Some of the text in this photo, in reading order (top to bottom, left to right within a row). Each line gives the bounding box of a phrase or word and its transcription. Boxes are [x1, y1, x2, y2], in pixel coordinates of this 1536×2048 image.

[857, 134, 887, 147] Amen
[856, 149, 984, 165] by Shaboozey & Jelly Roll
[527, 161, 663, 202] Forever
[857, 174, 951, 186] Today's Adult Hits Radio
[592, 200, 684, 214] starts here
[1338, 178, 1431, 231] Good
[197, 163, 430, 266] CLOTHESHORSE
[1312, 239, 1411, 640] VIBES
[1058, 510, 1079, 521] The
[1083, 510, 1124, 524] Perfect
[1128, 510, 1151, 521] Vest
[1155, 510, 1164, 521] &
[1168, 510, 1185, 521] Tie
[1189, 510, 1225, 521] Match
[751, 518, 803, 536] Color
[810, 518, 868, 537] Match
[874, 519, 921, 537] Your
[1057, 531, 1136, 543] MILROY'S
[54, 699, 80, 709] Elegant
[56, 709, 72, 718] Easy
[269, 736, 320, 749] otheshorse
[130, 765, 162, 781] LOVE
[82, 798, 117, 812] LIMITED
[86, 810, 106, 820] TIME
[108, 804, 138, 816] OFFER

※

▸ **Problem statement**:
A word-for-word copy of all the material is the required answer.

▸ **Exercise answer**:
Some of the text in this photo, in reading order (top to bottom, left to right within a row). Each line gives the bounding box of a phrase or word and its transcription. Boxes are [x1, y1, x2, y2], in pixel coordinates of this 1536×2048 image.

[857, 134, 887, 147] Amen
[856, 149, 984, 165] by Shaboozey & Jelly Roll
[527, 161, 663, 202] Forever
[857, 174, 951, 186] Today's Adult Hits Radio
[592, 200, 684, 214] starts here
[1338, 178, 1431, 231] Good
[197, 163, 430, 266] CLOTHESHORSE
[1312, 239, 1411, 640] VIBES
[1058, 510, 1079, 521] The
[1083, 510, 1124, 524] Perfect
[1128, 510, 1151, 521] Vest
[1155, 510, 1164, 521] &
[1168, 510, 1185, 521] Tie
[1189, 510, 1225, 521] Match
[751, 518, 803, 536] Color
[810, 518, 868, 537] Match
[874, 519, 921, 537] Your
[1057, 531, 1136, 543] MILROY'S
[54, 699, 80, 709] Elegant
[56, 709, 72, 718] Easy
[269, 736, 320, 749] otheshorse
[130, 765, 162, 781] LOVE
[82, 798, 117, 812] LIMITED
[86, 810, 106, 820] TIME
[108, 804, 138, 816] OFFER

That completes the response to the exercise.